(Dataset entries)
○ ○ ○ ○

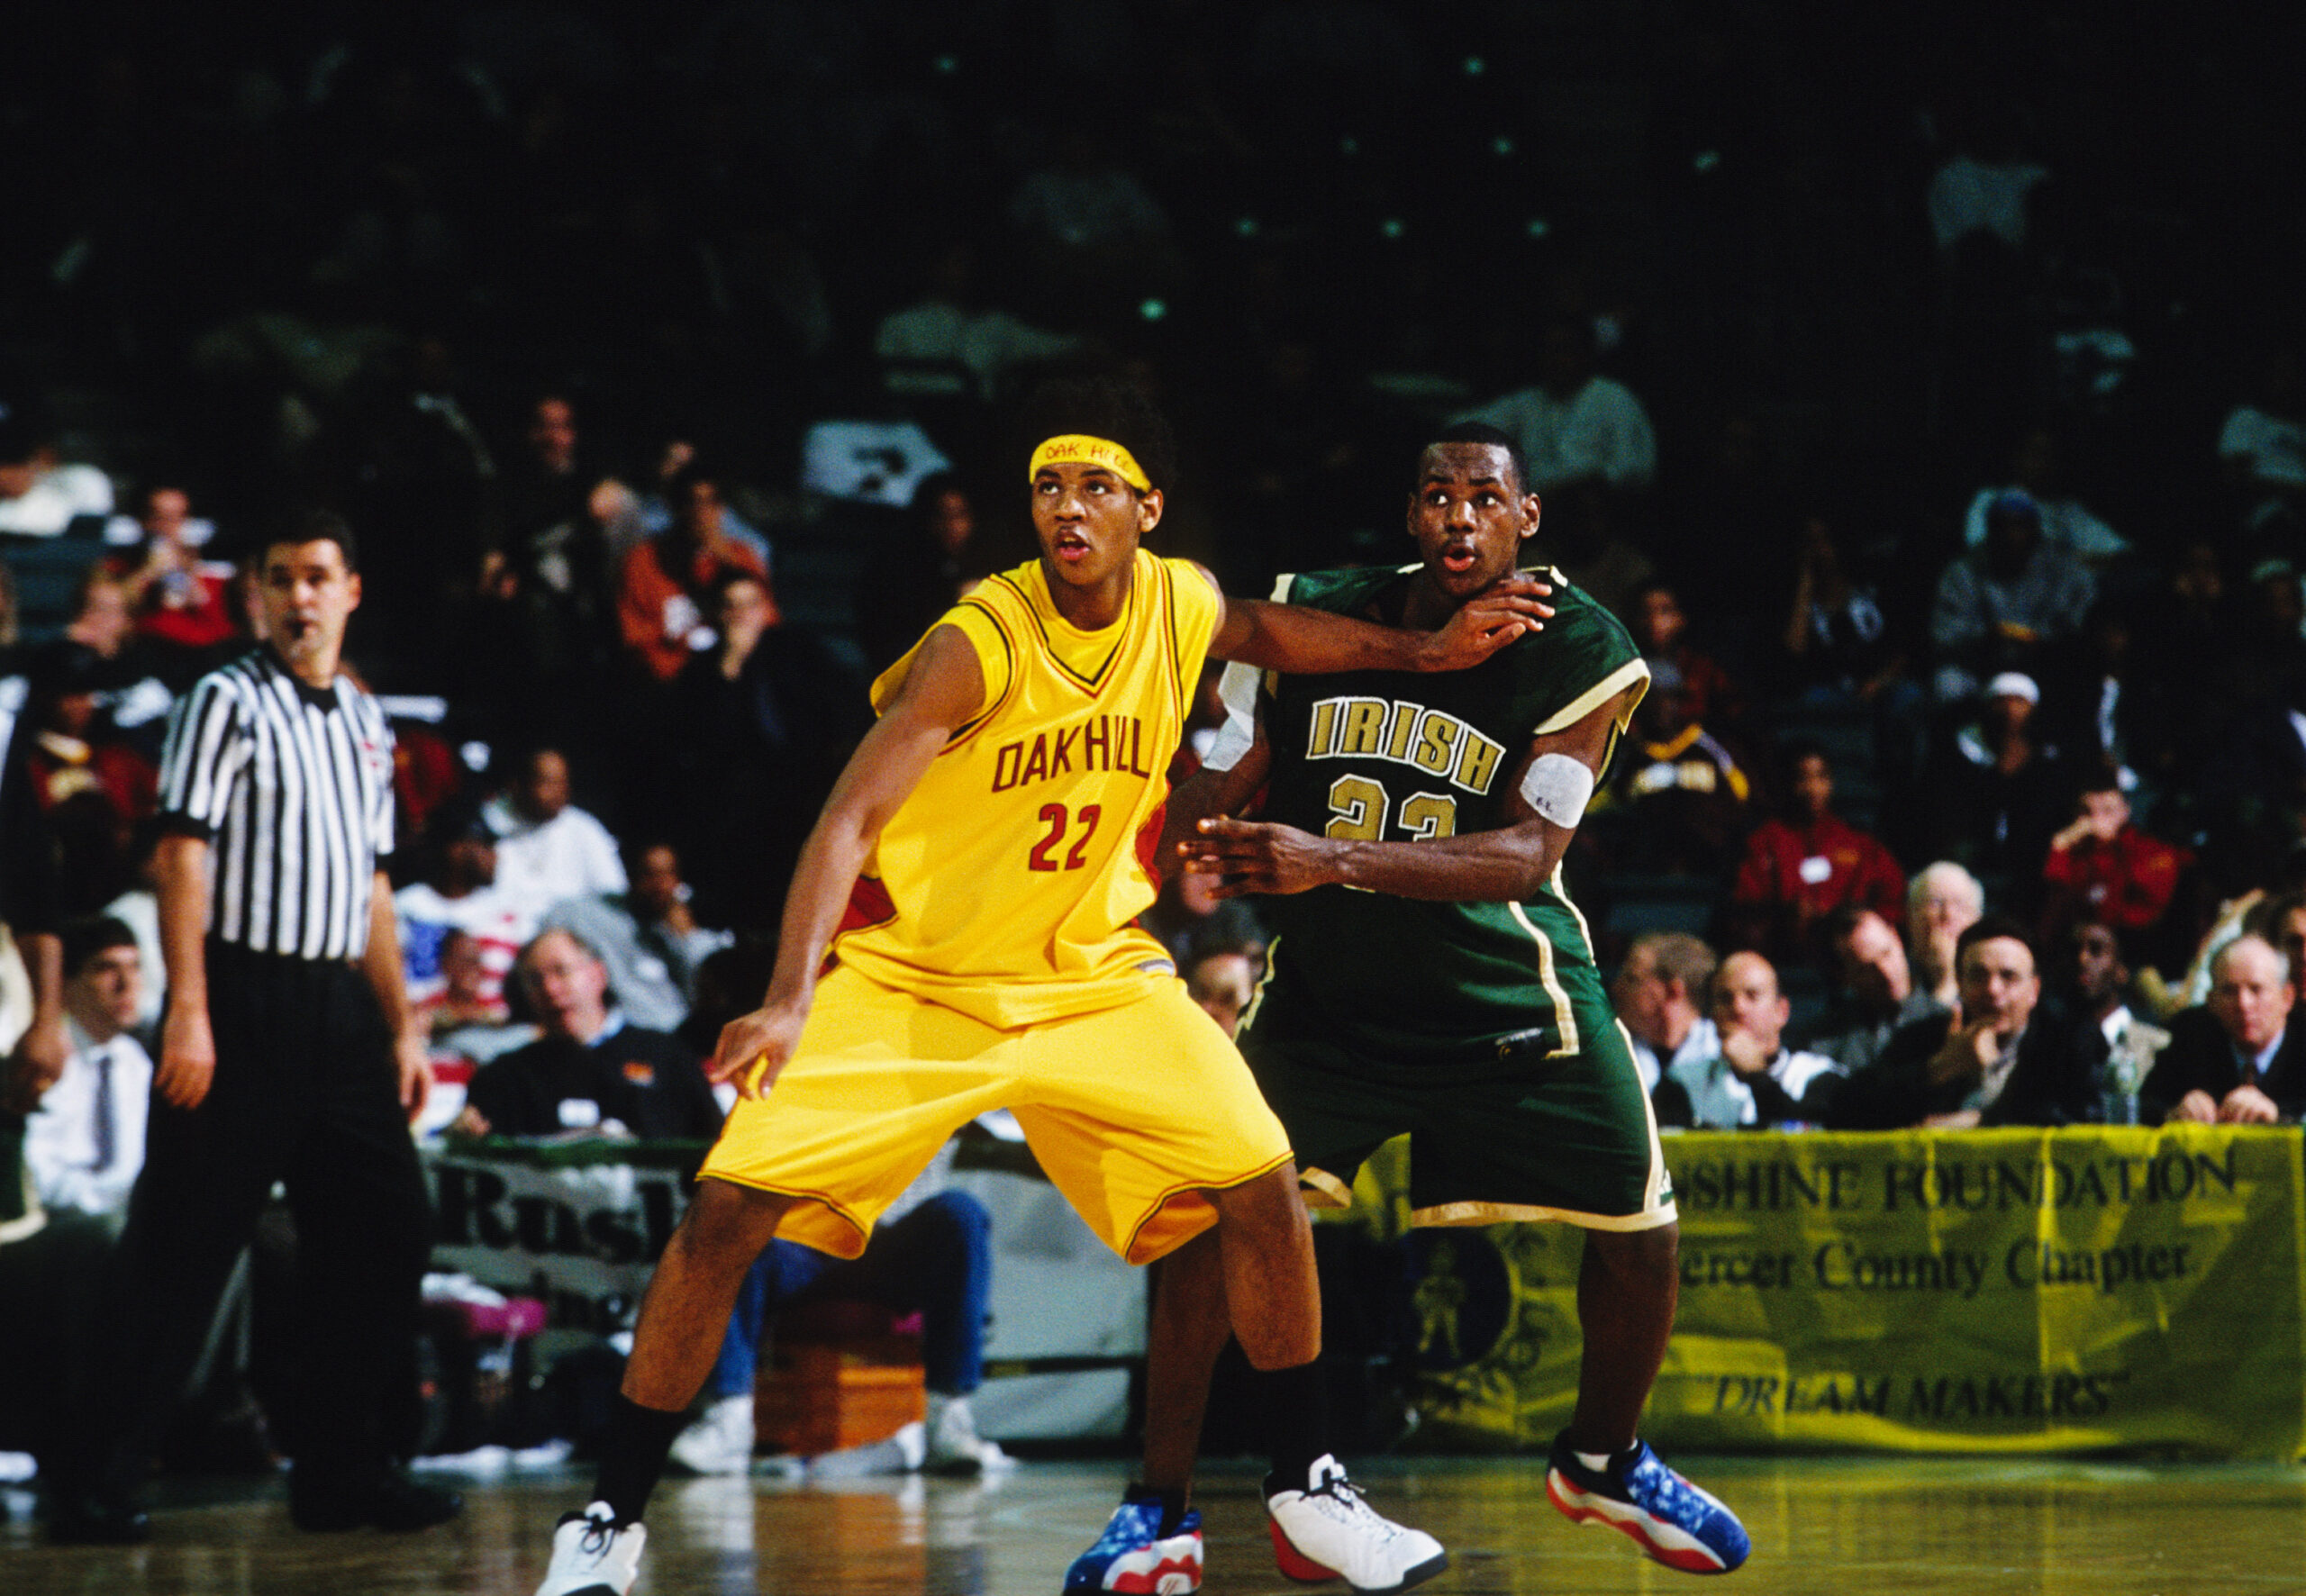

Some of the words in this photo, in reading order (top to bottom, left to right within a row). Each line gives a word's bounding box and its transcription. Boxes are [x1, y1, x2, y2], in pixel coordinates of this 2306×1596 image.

[1045, 443, 1080, 460] OAK
[992, 724, 1081, 793] OAK
[1085, 714, 1150, 780] HILL
[1305, 695, 1507, 796] IRISH
[1028, 803, 1102, 872] 22
[1884, 1138, 2237, 1212] FOUNDATION
[1680, 1249, 1795, 1290] ercer
[1812, 1242, 1987, 1299] County
[2005, 1235, 2189, 1294] Chapter

○ ○ ○ ○

## WHAT YOU SHOULD DO
Every entry above should be restated word for word, with the images left out.

## SOLUTION FOR THIS PROBLEM
Some of the words in this photo, in reading order (top to bottom, left to right within a row). Each line gives a word's bounding box and its transcription. Boxes are [x1, y1, x2, y2], in pixel coordinates of this 2306×1596 image.

[1045, 443, 1080, 460] OAK
[992, 724, 1081, 793] OAK
[1085, 714, 1150, 780] HILL
[1305, 695, 1507, 796] IRISH
[1028, 803, 1102, 872] 22
[1884, 1138, 2237, 1212] FOUNDATION
[1680, 1249, 1795, 1290] ercer
[1812, 1242, 1987, 1299] County
[2005, 1235, 2189, 1294] Chapter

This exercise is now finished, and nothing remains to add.